» Task directions: Print the whole listing again, exactly as it stands.

» Supplied records:
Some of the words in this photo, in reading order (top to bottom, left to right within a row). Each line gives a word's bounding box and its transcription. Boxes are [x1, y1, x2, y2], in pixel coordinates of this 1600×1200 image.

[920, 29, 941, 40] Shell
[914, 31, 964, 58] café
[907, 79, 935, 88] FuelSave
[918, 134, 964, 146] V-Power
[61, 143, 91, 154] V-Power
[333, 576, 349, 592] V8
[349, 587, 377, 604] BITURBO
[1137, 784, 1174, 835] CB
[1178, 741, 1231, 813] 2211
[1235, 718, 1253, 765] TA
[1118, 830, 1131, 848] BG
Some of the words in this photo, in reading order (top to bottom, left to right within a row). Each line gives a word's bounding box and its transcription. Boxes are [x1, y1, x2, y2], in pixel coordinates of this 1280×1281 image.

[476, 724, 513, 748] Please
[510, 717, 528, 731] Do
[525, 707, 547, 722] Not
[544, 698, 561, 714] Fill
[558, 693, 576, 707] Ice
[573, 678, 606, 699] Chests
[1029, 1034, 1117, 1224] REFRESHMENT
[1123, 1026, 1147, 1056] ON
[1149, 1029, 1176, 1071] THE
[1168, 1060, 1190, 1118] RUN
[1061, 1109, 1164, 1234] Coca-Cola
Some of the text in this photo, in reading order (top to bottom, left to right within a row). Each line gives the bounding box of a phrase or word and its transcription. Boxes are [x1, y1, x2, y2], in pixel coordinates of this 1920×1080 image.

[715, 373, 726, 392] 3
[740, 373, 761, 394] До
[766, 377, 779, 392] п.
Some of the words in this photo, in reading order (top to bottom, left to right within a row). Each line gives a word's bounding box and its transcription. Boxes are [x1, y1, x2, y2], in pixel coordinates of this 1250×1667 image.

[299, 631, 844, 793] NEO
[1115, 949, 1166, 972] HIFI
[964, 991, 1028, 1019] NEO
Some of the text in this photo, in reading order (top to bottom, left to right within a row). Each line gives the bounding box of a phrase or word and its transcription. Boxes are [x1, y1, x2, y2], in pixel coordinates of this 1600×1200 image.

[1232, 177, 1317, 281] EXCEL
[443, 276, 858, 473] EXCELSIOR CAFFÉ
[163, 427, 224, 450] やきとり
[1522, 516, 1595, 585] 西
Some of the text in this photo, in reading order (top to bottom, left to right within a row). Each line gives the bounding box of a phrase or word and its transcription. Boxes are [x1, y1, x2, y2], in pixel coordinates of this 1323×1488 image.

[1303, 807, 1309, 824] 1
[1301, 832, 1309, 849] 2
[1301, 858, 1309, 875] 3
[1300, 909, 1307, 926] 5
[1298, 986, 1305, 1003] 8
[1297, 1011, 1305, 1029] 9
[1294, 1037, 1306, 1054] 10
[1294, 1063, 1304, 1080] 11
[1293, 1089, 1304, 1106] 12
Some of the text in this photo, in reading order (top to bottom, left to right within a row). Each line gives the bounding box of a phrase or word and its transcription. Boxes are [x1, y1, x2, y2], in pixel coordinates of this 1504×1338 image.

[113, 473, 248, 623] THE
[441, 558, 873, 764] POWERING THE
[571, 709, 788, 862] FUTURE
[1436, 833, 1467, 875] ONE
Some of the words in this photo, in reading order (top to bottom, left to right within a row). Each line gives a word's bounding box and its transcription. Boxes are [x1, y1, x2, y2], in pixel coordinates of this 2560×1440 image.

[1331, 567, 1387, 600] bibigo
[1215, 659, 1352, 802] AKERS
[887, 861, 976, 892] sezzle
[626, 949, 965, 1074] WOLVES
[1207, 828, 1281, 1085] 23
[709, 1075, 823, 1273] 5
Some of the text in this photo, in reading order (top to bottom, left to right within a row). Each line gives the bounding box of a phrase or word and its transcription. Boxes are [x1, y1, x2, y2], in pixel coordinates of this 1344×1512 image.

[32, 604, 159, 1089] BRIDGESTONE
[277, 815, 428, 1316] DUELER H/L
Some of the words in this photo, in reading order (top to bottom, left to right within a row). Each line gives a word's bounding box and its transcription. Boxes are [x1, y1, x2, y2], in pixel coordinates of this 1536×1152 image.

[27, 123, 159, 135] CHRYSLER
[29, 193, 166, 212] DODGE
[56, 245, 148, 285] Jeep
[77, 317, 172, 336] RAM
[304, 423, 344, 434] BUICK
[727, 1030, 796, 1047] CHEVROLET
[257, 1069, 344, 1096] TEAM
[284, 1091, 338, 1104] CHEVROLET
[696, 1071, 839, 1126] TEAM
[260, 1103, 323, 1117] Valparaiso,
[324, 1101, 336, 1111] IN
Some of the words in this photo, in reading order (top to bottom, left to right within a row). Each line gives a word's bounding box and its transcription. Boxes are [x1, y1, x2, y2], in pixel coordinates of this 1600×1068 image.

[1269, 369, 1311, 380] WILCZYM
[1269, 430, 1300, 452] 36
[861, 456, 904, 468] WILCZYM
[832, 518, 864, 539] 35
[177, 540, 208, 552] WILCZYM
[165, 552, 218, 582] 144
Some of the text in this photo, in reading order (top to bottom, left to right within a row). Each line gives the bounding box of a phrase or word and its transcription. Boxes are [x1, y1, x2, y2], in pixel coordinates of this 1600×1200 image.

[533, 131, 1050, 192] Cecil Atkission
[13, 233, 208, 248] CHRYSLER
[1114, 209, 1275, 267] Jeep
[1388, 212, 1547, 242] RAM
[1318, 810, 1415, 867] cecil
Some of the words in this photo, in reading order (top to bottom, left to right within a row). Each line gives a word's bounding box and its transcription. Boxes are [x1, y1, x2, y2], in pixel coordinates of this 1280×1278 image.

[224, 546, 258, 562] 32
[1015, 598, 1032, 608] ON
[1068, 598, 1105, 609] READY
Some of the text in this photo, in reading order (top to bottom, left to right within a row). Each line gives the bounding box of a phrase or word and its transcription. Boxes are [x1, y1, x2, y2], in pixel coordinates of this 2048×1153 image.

» Answer area:
Some of the words in this photo, in reading order (top to bottom, left to right within a row). Each line gives a word's bounding box and its transcription. Boxes are [x1, y1, x2, y2], in pixel coordinates of this 1600×1200 image.

[920, 29, 941, 40] Shell
[914, 31, 964, 58] café
[907, 79, 935, 88] FuelSave
[918, 134, 964, 146] V-Power
[61, 143, 91, 154] V-Power
[333, 576, 349, 592] V8
[349, 587, 377, 604] BITURBO
[1137, 784, 1174, 835] CB
[1178, 741, 1231, 813] 2211
[1235, 718, 1253, 765] TA
[1118, 830, 1131, 848] BG
Some of the words in this photo, in reading order (top to bottom, left to right within a row). Each line gives a word's bounding box and its transcription. Boxes are [x1, y1, x2, y2], in pixel coordinates of this 1280×1281 image.

[476, 724, 513, 748] Please
[510, 717, 528, 731] Do
[525, 707, 547, 722] Not
[544, 698, 561, 714] Fill
[558, 693, 576, 707] Ice
[573, 678, 606, 699] Chests
[1029, 1034, 1117, 1224] REFRESHMENT
[1123, 1026, 1147, 1056] ON
[1149, 1029, 1176, 1071] THE
[1168, 1060, 1190, 1118] RUN
[1061, 1109, 1164, 1234] Coca-Cola
Some of the text in this photo, in reading order (top to bottom, left to right within a row). Each line gives the bounding box of a phrase or word and its transcription. Boxes are [x1, y1, x2, y2], in pixel coordinates of this 1920×1080 image.

[715, 373, 726, 392] 3
[740, 373, 761, 394] До
[766, 377, 779, 392] п.
Some of the words in this photo, in reading order (top to bottom, left to right within a row). Each line gives a word's bounding box and its transcription. Boxes are [x1, y1, x2, y2], in pixel coordinates of this 1250×1667 image.

[299, 631, 844, 793] NEO
[1115, 949, 1166, 972] HIFI
[964, 991, 1028, 1019] NEO
Some of the text in this photo, in reading order (top to bottom, left to right within a row). Each line gives the bounding box of a phrase or word and its transcription. Boxes are [x1, y1, x2, y2], in pixel coordinates of this 1600×1200 image.

[1232, 177, 1317, 281] EXCEL
[443, 276, 858, 473] EXCELSIOR CAFFÉ
[163, 427, 224, 450] やきとり
[1522, 516, 1595, 585] 西
Some of the text in this photo, in reading order (top to bottom, left to right within a row). Each line gives the bounding box of a phrase or word and its transcription. Boxes are [x1, y1, x2, y2], in pixel coordinates of this 1323×1488 image.

[1303, 807, 1309, 824] 1
[1301, 832, 1309, 849] 2
[1301, 858, 1309, 875] 3
[1300, 909, 1307, 926] 5
[1298, 986, 1305, 1003] 8
[1297, 1011, 1305, 1029] 9
[1294, 1037, 1306, 1054] 10
[1294, 1063, 1304, 1080] 11
[1293, 1089, 1304, 1106] 12
Some of the text in this photo, in reading order (top to bottom, left to right within a row). Each line gives the bounding box of a phrase or word and its transcription. Boxes are [x1, y1, x2, y2], in pixel coordinates of this 1504×1338 image.

[113, 473, 248, 623] THE
[441, 558, 873, 764] POWERING THE
[571, 709, 788, 862] FUTURE
[1436, 833, 1467, 875] ONE
Some of the words in this photo, in reading order (top to bottom, left to right within a row). Each line gives a word's bounding box and its transcription. Boxes are [x1, y1, x2, y2], in pixel coordinates of this 2560×1440 image.

[1331, 567, 1387, 600] bibigo
[1215, 659, 1352, 802] AKERS
[887, 861, 976, 892] sezzle
[626, 949, 965, 1074] WOLVES
[1207, 828, 1281, 1085] 23
[709, 1075, 823, 1273] 5
Some of the text in this photo, in reading order (top to bottom, left to right within a row). Each line gives the bounding box of a phrase or word and its transcription. Boxes are [x1, y1, x2, y2], in pixel coordinates of this 1344×1512 image.

[32, 604, 159, 1089] BRIDGESTONE
[277, 815, 428, 1316] DUELER H/L
Some of the words in this photo, in reading order (top to bottom, left to right within a row). Each line gives a word's bounding box and its transcription. Boxes are [x1, y1, x2, y2], in pixel coordinates of this 1536×1152 image.

[27, 123, 159, 135] CHRYSLER
[29, 193, 166, 212] DODGE
[56, 245, 148, 285] Jeep
[77, 317, 172, 336] RAM
[304, 423, 344, 434] BUICK
[727, 1030, 796, 1047] CHEVROLET
[257, 1069, 344, 1096] TEAM
[284, 1091, 338, 1104] CHEVROLET
[696, 1071, 839, 1126] TEAM
[260, 1103, 323, 1117] Valparaiso,
[324, 1101, 336, 1111] IN
Some of the words in this photo, in reading order (top to bottom, left to right within a row). Each line gives a word's bounding box and its transcription. Boxes are [x1, y1, x2, y2], in pixel coordinates of this 1600×1068 image.

[1269, 369, 1311, 380] WILCZYM
[1269, 430, 1300, 452] 36
[861, 456, 904, 468] WILCZYM
[832, 518, 864, 539] 35
[177, 540, 208, 552] WILCZYM
[165, 552, 218, 582] 144
Some of the text in this photo, in reading order (top to bottom, left to right within a row). Each line gives the bounding box of a phrase or word and its transcription. Boxes are [x1, y1, x2, y2], in pixel coordinates of this 1600×1200 image.

[533, 131, 1050, 192] Cecil Atkission
[13, 233, 208, 248] CHRYSLER
[1114, 209, 1275, 267] Jeep
[1388, 212, 1547, 242] RAM
[1318, 810, 1415, 867] cecil
Some of the words in this photo, in reading order (top to bottom, left to right within a row). Each line gives a word's bounding box and its transcription. Boxes are [x1, y1, x2, y2], in pixel coordinates of this 1280×1278 image.

[224, 546, 258, 562] 32
[1015, 598, 1032, 608] ON
[1068, 598, 1105, 609] READY
Some of the text in this photo, in reading order (top to bottom, left to right within a row). Each line gives the bounding box of a phrase or word and its transcription. Boxes are [x1, y1, x2, y2], in pixel coordinates of this 2048×1153 image.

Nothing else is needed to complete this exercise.